Buy-sell agreements are needed for simple partnerships as well as corporately structured ownerships, but the contents of the agreement will differ depending on the type of business. For this article, we are going to focus on the issue of a death of a shareholder. The key issues are:

  • The beneficiaries of a deceased shareholder may not want to become actively involved in the business nor might the remaining shareholders want the beneficiary to be their new business partner. To avoid this situation, the buy-sell agreement outlines the necessary steps to properly transfer the entitled share equity at fair market value from the beneficiaries to the remaining shareholders.    
  • The remaining shareholders may need a source of liquidity in order to buy out the value of the deceased’s estate, which may be tied up in the business operations or hard assets of the company. This, of course, could force liquidation of assets or a drain on the company’s operating capital and may put the business at risk of surviving.
  • The sale of the business interest could trigger a taxable event, such as a capital gain or other expenses, that the deceased shareholder’s estate may incur and could place undue hardship on the surviving family members.
  • With the death of a key shareholder, the business may need to replace capital that is lost from declining revenues brought on by the loss of that individual. For example, a technology company may have one or two key shareholders that possess the intellectual capital to drive a company’s entrepreneurial innovation in product advancement. Replacement costs could be high in order to hire and train a new key partner to the business not to mention the loss of existing revenue.
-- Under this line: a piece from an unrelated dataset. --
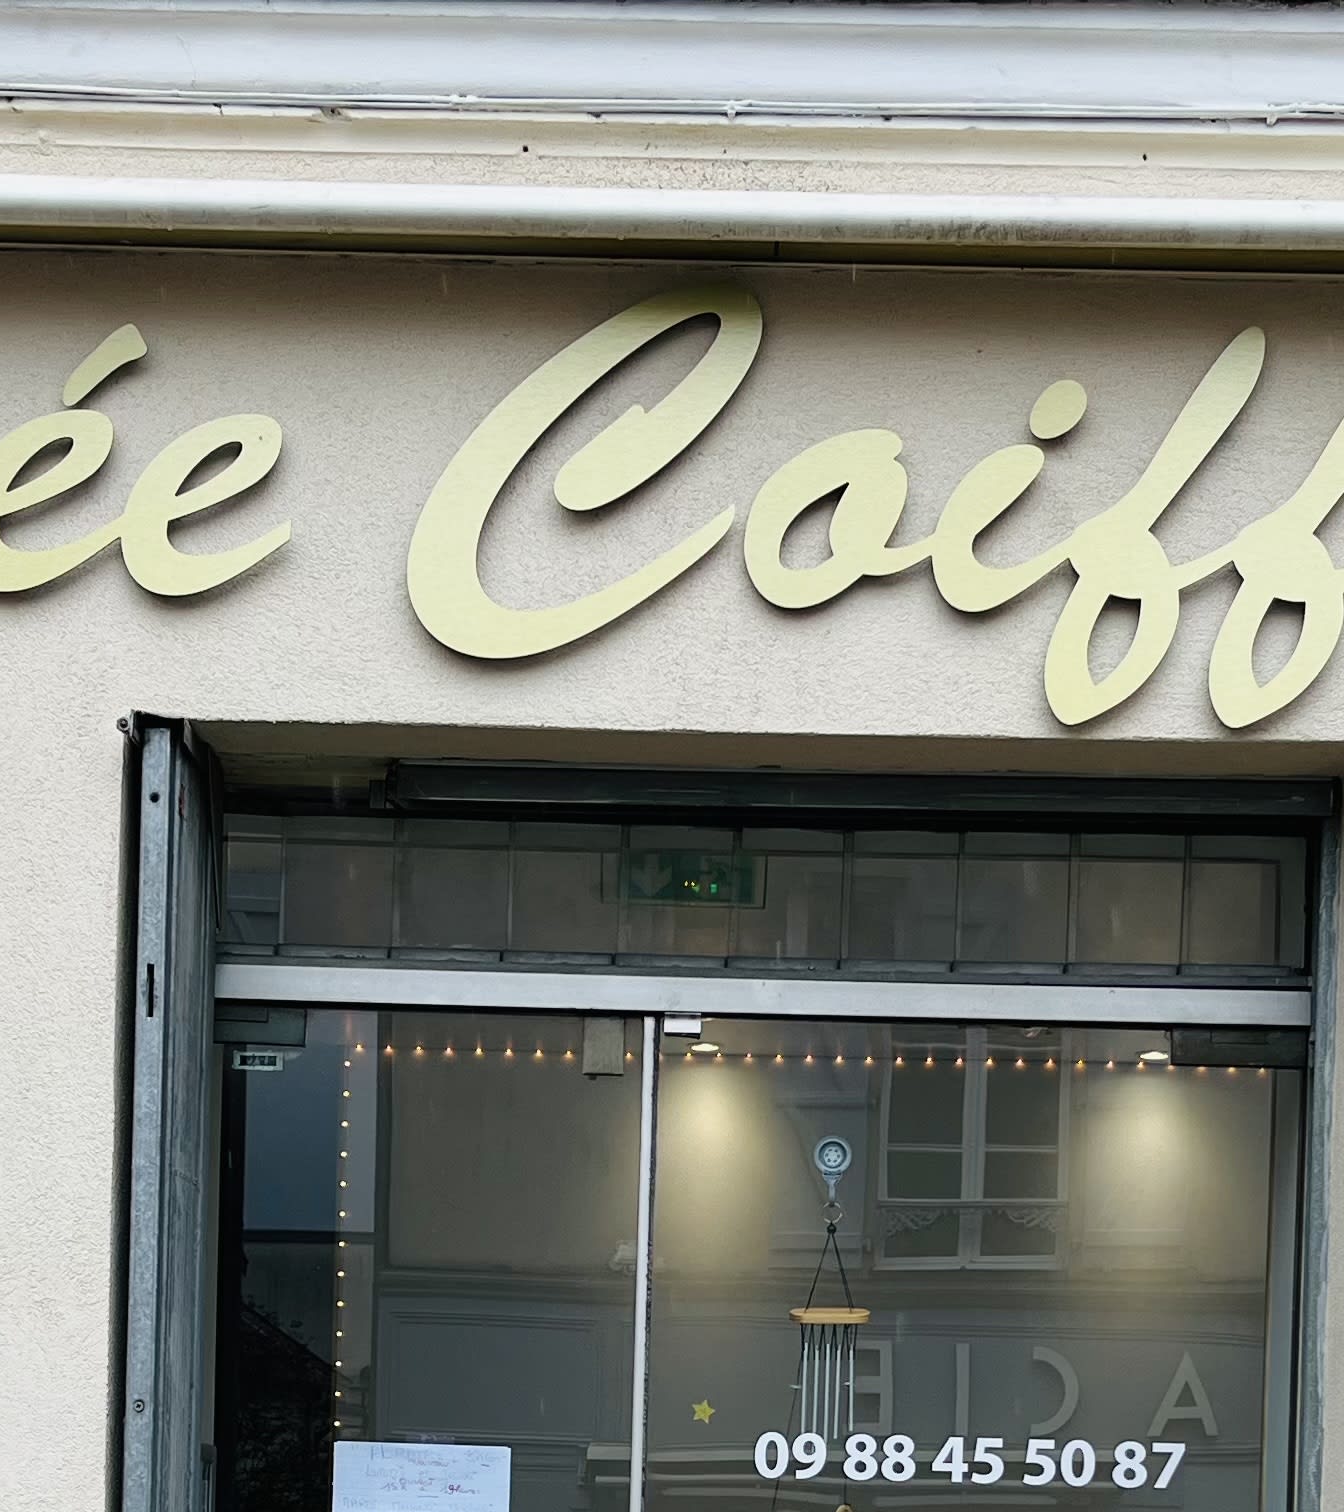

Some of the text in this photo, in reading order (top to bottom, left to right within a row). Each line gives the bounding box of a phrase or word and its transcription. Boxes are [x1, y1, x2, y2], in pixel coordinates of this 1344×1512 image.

[754, 1431, 1186, 1489] 09 88 45 50 87
In order to avoid the above problems, a legally drafted and funded buy-sell agreement will be necessary. While the agreement itself lays out the legal transition of the shareholders’ equity positions, a funded agreement is most certainly critical to its success. There are several funding options available:

  1. Borrow the funds to buy out the deceased partner’s shares. This may or may not be possible given the current financial position of the company or the reluctance of a financial lender to agree to the loan. Banks are not always generous during times of uncertainty and the costs will be 100 cents on the dollar plus future interest costs. This may leave a business at risk to credit conditions that could hamper future growth.
  2. Create a sinking fund to provide liquidity when needed. This self-funding approach can work, but it ends up being a drag on current cash flow and capital gets diverted away from the growth of the business. However, this method may not work if a partner dies before full funding is achieved.
  3. Sell assets of the company to create the capital needed to buy out the deceased shareholder. Again, this approach can work but it will affect the viability of the company, its growth, and future operations. The costs will be 100 cents on the dollar plus selling costs and taxation. For example, suppose the business needs to sell a piece of property to fund the buy out. The business will forgo future revenues from that property and will incur taxes and selling fees upon disposition.
  4. Life Insurance: a properly funded buy-sell agreement using life insurance to fund the shareholder liability is not only the easiest to implement but is also the least costly. The premium costs will generally run around three to five cents on the dollar and is paid out as a tax-free benefit. The flexibility of this arrangement can be adapted to the various ways a business’s buy-sell agreement is structured for both partnerships and corporations. One drawback to this strategy is that shareholders must be medically approved to be insured.

We feel the fourth option is by far the best way to fund the agreement and can be set up to deal with other issues such as covering off realized capital gains taxes from the redemption of shares and/or the capital costs associated with the loss of the shareholder.

Steve Bokor is an insurance advisor and Ian David Clark is a certified financial planner and insurance advisor with PI Financial Services.